In case of infection, it is advisable to avoid using lipsticks and cosmetic products that could spread it to surrounding areas, until it has cleared up.

Some medicines can also cause dry and chapped lips as a side effect: these include isotretinoin (antiacne), diuretics, anxiolytics and antidepressants.

However, the most common internal cause is atopic dermatitis: a state of increased dryness and weakness of the skin associated with a constitutional predisposition to respiratory and food allergies.

Precisely because of their more delicate structure, external factors are very important.

Let’s take a look at those most commonly involved:

  1. A cold or warm and dry, windy climate (such as in the mountains or by the sea) increases dehydration causing greater water evaporation.
  2. The habit of frequently licking and biting the lips: saliva actually removes the already thin hydrolipidic protective film resulting in dryness.
  3. Irritant or allergic contact dermatitis caused by aggressive products including soaps, toothpastes, mouthwashes, lipsticks.
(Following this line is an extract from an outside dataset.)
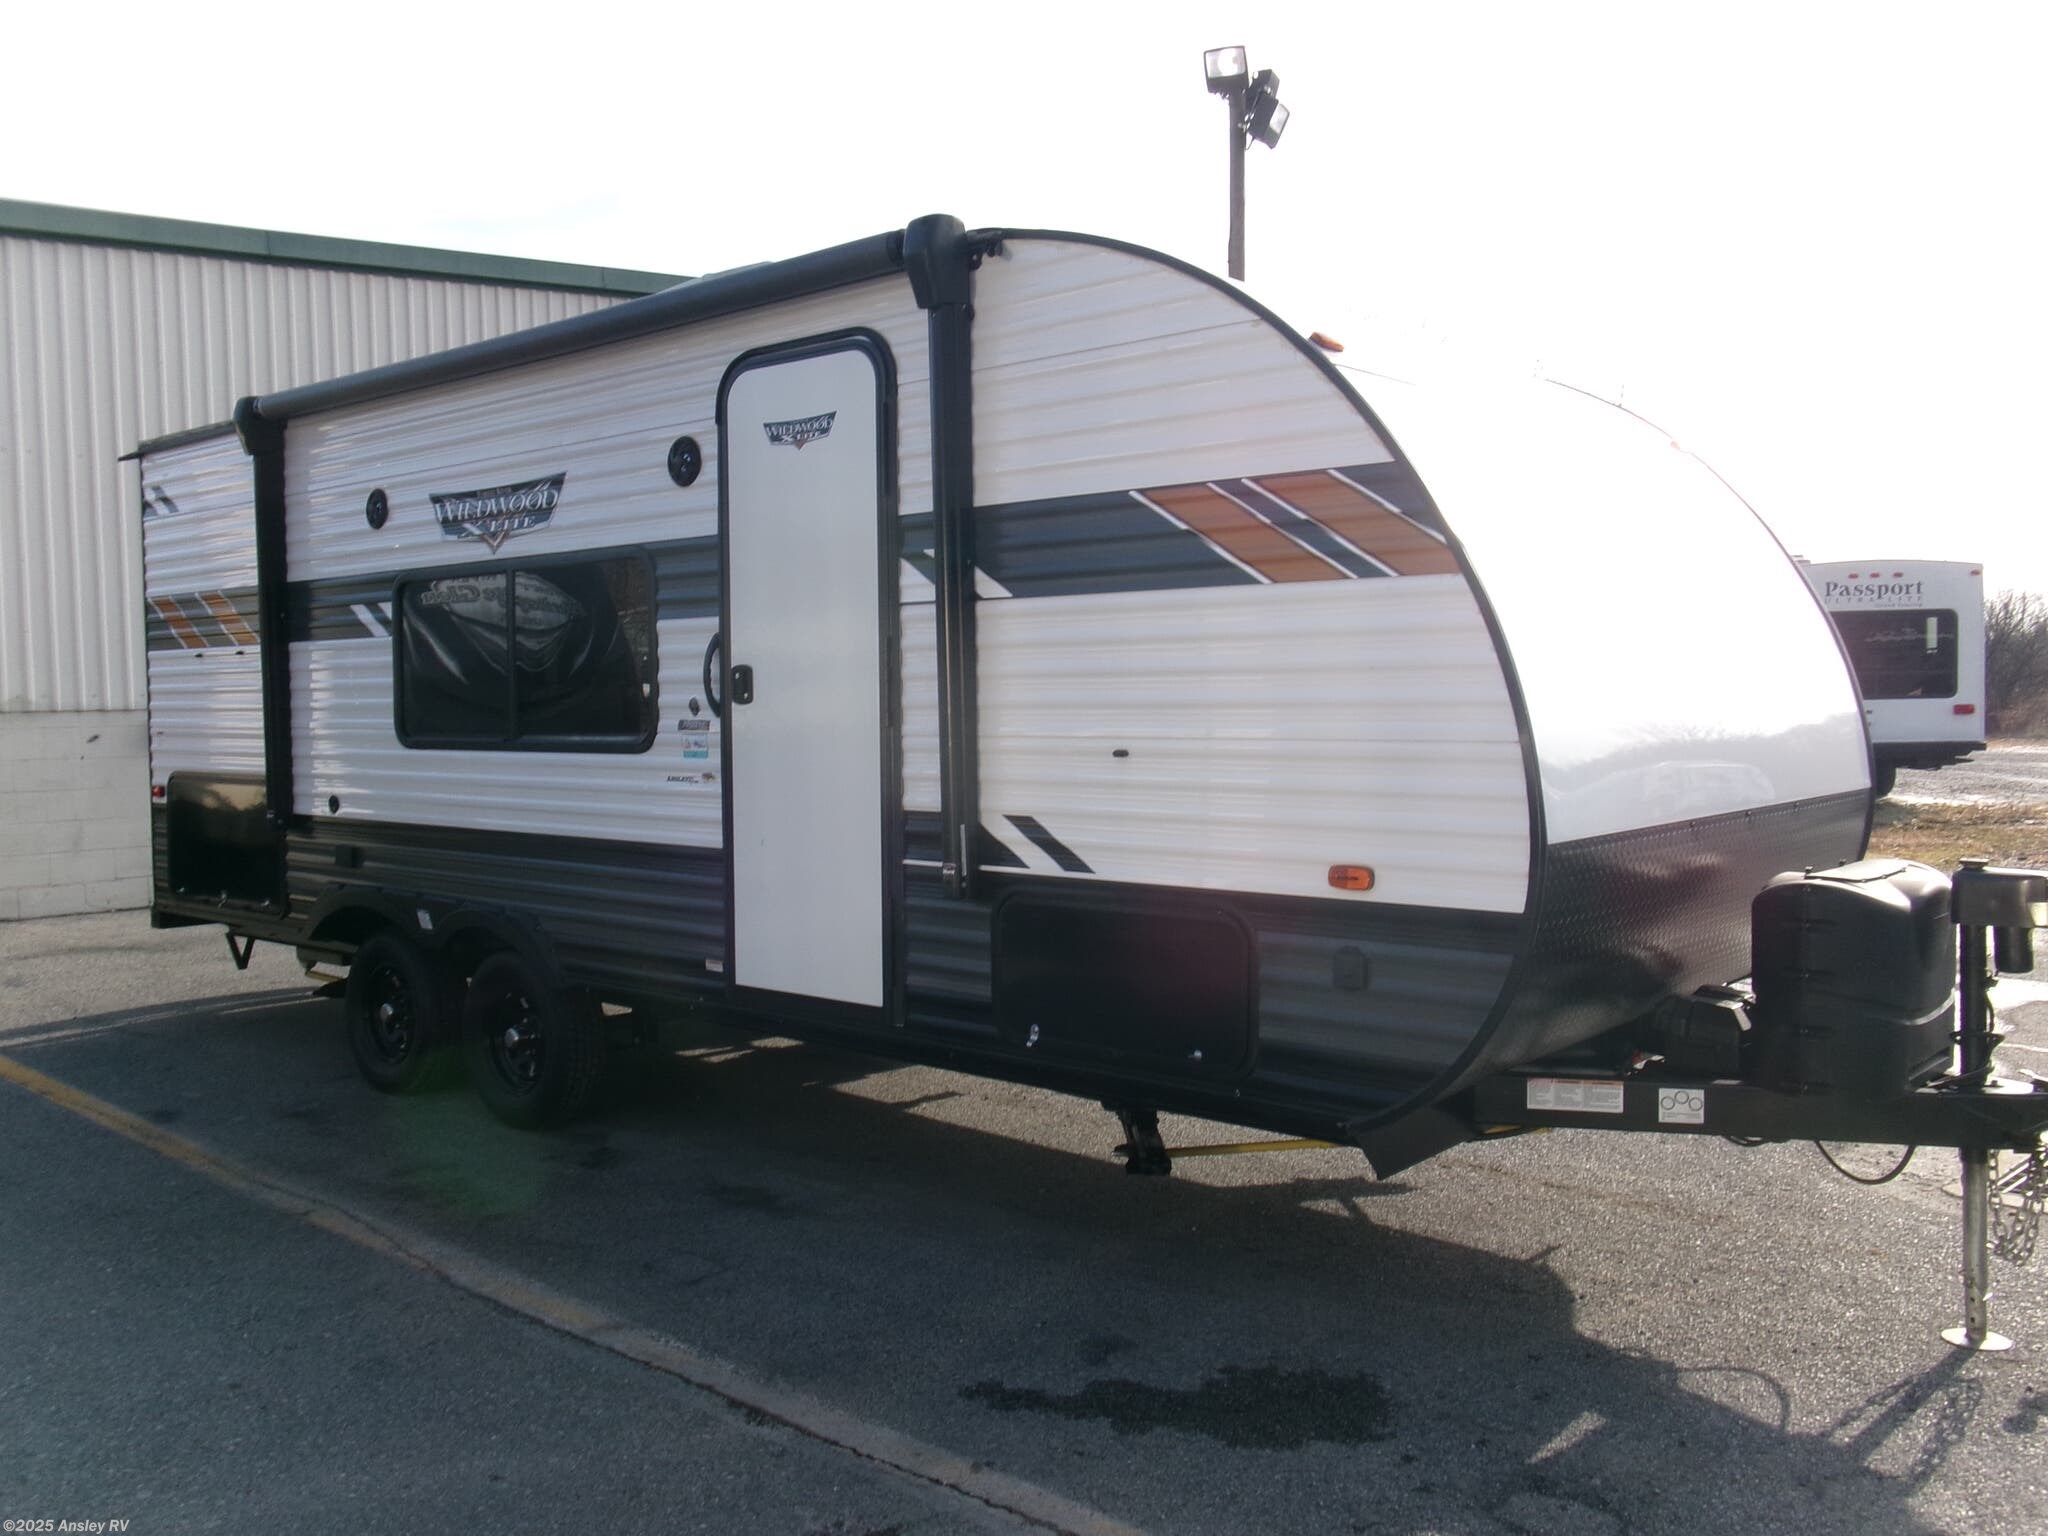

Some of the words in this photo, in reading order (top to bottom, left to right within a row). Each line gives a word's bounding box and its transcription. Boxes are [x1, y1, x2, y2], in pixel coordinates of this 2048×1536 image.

[765, 419, 833, 436] WILDWOOD
[433, 488, 559, 520] WILDWOOD
[1825, 580, 1924, 600] Passport
It is, therefore, essential to avoid unsuitable or poor quality products that may contain irritants or sensitisers.

In such case, it is good idea to immediately suspend the use of any suspect product and contact a dermatologist for an accurate diagnosis using specific tests.


Remedies And Treatments

The first remedy is to hydrate from the inside (with a diet rich in fruit and vegetables, drinking at least 2 litres of water a day) and from the outside through the application of lip balms with a nourishing, moisturising and protective action.

They must be applied generously in the morning and evening and during the day (even under the lipstick).

In the evening or when needed, it is possible to apply them generously like a mask/pack, performing a real shock treatment to counteract dryness and dehydration, and always have soft and protected lips.

The most suitable substances to protect the lips from wind, sun, and the cold are plant ingredients that restore the barrier function.

Of these, one of the most effective and rich is shea butter, a natural product with emollient and healing properties that can soften the lips and accelerate skin repair.

Vitamin E, with an antioxidant and soothing action, and the essential fatty acids contained in various vegetable oils (wheat germ, sunflower, flax seed) can also be useful in the formulation of lip balms.

In the absence of internal or external pathologies that would require an assessment and prescription of a treatment by a dermatologist, these cosmetics can be useful and effective for preventive purposes and to reduce the burning, as well as improving the aesthetic appearance of dry and chapped lips, and even resolving the issue.